Realize spec v0.17.0 §5.5 expansion and the five python-only items from the observability friction roundup. §5.5.1 input/output payload: openarmature.llm.input.messages, openarmature.llm.output.content, openarmature.llm.request.extras — JSON-encoded with sorted keys, default-off via disable_llm_payload, truncated per §5.5.5 at payload_max_bytes (default 64 KiB, minimum 256). Inline image bytes are redacted at the provider before reaching the event payload, not gated by any observer flag. §5.5.2 / §5.5.3 GenAI semconv: gen_ai.system (caller-overridable per OpenAIProvider for non-OpenAI endpoints), gen_ai.request.model, gen_ai.response.{model,id,finish_reasons}, gen_ai.usage.{input, output}_tokens, plus gen_ai.request.{temperature,max_tokens,top_p, seed} when set.

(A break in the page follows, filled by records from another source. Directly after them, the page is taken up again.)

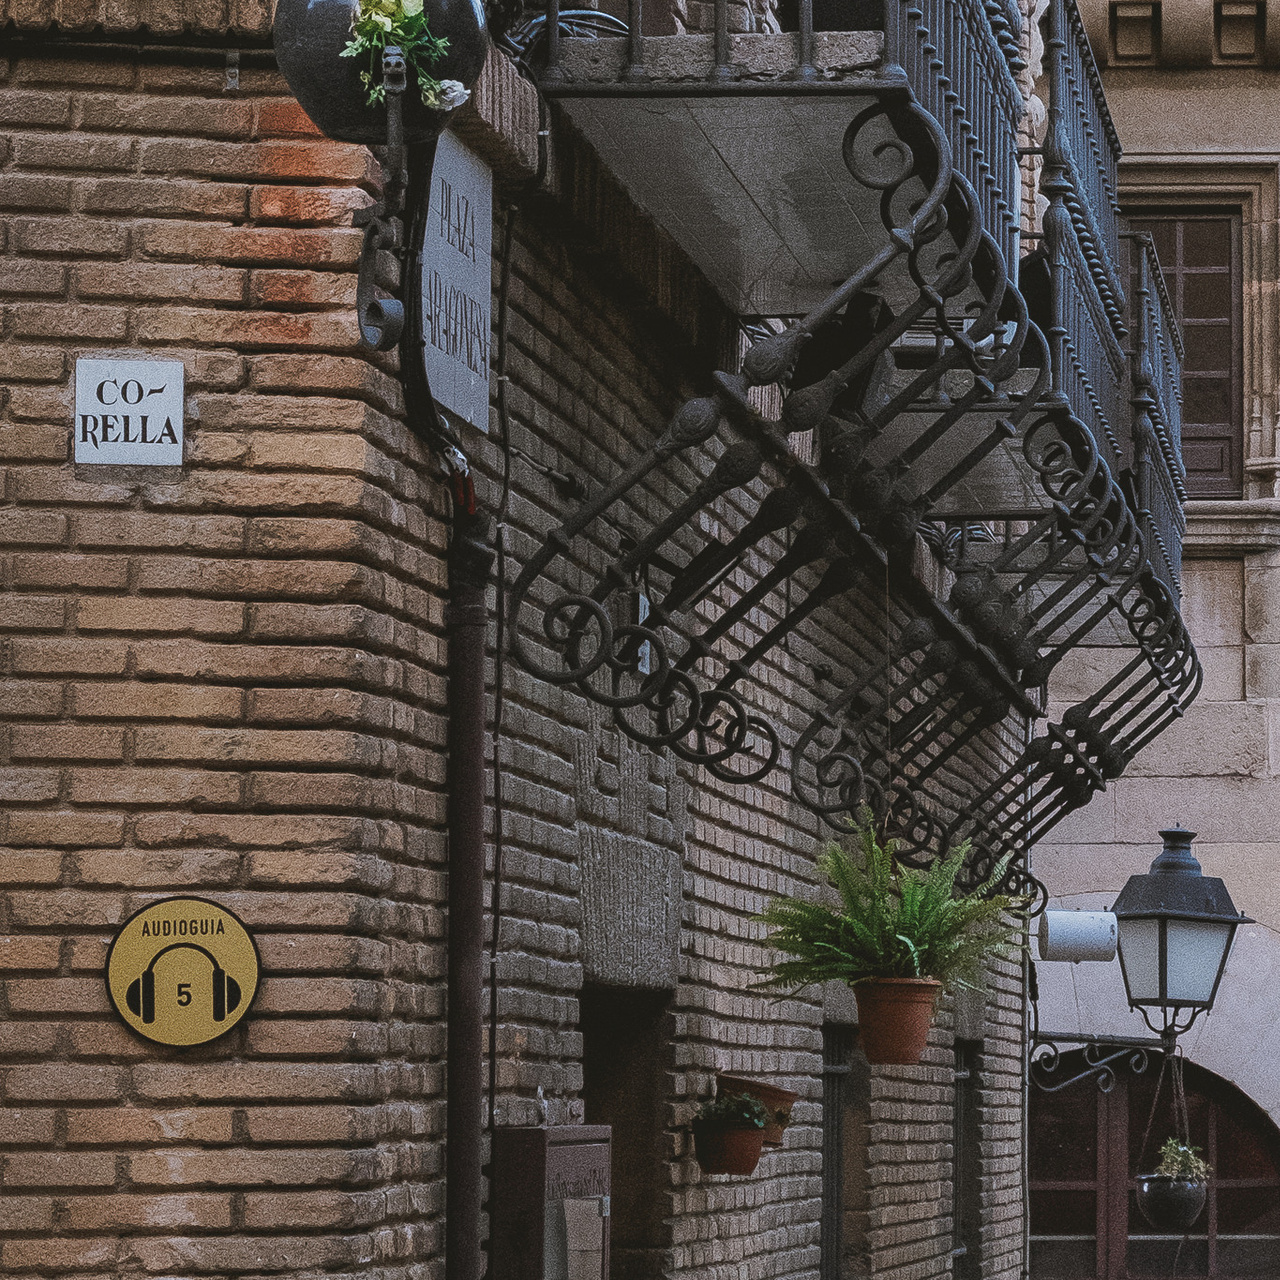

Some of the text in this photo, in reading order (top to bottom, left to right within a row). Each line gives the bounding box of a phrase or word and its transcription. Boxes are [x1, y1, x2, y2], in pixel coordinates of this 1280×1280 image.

[439, 176, 476, 263] PLAZA
[426, 270, 488, 381] ARAGONESA
[79, 413, 179, 450] RELLA
[141, 919, 225, 937] AUDIOGUIA
[176, 983, 192, 1007] 5
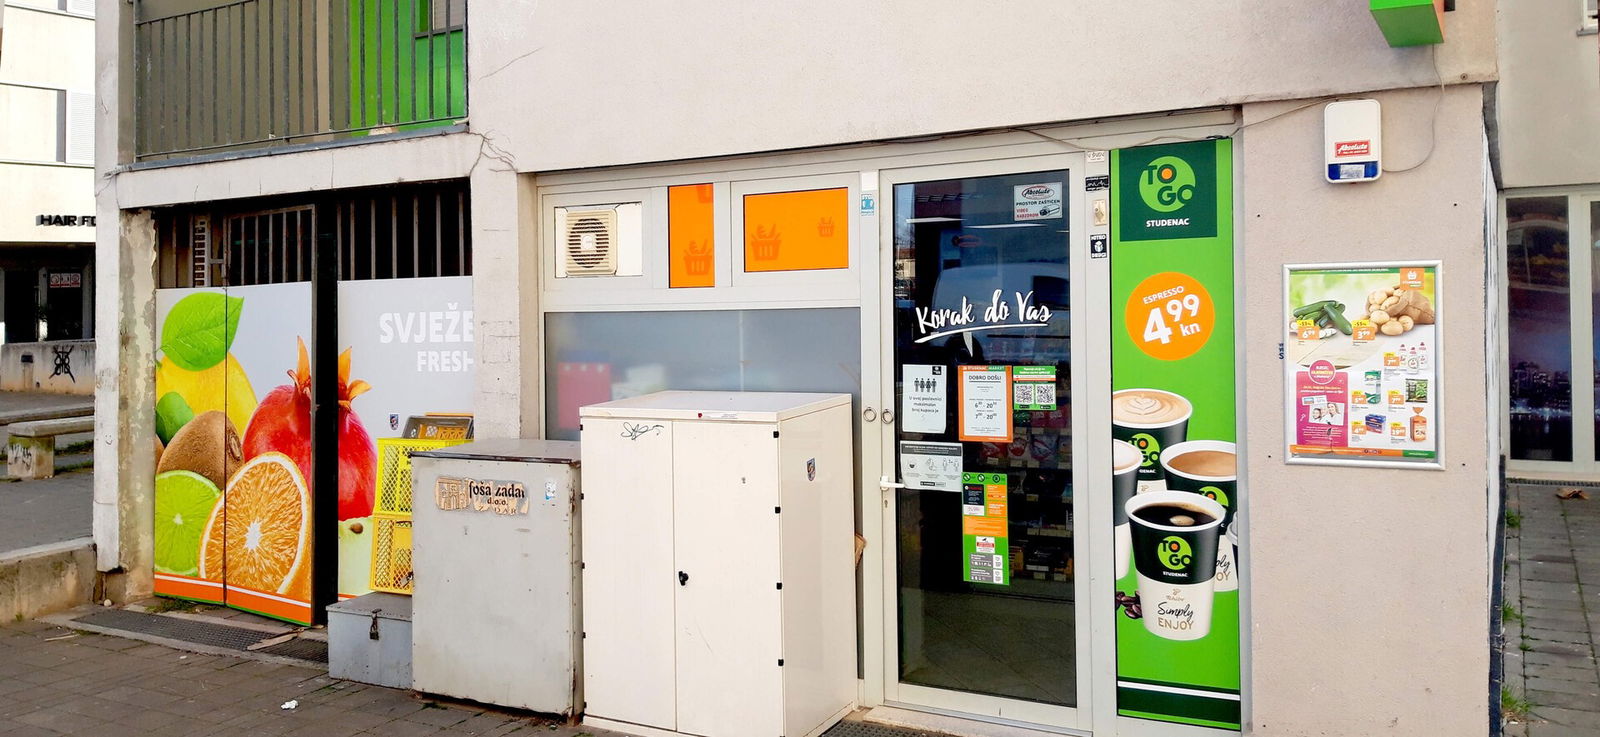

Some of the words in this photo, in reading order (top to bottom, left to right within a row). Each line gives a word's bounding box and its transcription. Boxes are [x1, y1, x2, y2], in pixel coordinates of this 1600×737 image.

[1144, 164, 1177, 185] TO
[1157, 184, 1196, 206] GO
[36, 214, 77, 226] HAIR
[1146, 218, 1190, 227] STUDENAC
[1143, 285, 1185, 305] ESPRESSO
[915, 296, 975, 334] Korak
[984, 289, 1010, 323] do
[1015, 290, 1053, 322] Vas
[379, 302, 474, 343] SVJEŽE
[1179, 322, 1201, 338] kn
[487, 496, 508, 505] d.o.o.
[1161, 540, 1181, 553] TO
[1169, 554, 1193, 567] GO
[1157, 601, 1194, 622] Simply
[1157, 617, 1194, 630] ENJOY

Opt-out via disable_genai_semconv. OTelObserver knobs: resource= for service.name, span_processor accepts SpanProcessor | Sequence[SpanProcessor], attribute_enrichers hook fires before every span.end() the observer issues. LlmEventPayload (renamed from _LlmEventState, moved to openarmature.observability.llm_event) and LLM_NAMESPACE are now public — third-party Provider impls and custom observers can interoperate against a stable shape. _LlmEventState retained as a deprecated alias for one release. Response gains response_id and response_model typed fields sourcing the new gen_ai.response.* attributes from the wire payload. Fix the prompt-context cross-task propagation bug: the worker task running deliver_loop snapshots its Context at invoke()-entry, so with_active_prompt(...) blocks opened later inside node bodies were invisible to the observer. Capture current_prompt_result() / current_prompt_group() at dispatch time in _make_llm_event (running in the node task where the ContextVars are set) and put the snapshot on LlmEventPayload; observer reads from the payload. Tests: 10 new conformance fixture drivers (012-021), assertion-helper module, RuntimeConfigSpec directive shape, end-to-end #3 regression test exercising the real cross-task boundary. Reset OTel global tracer provider state in test finally blocks via the SDK's private Once primitive so cross-suite runs no longer leak the global provider into subsequent tests.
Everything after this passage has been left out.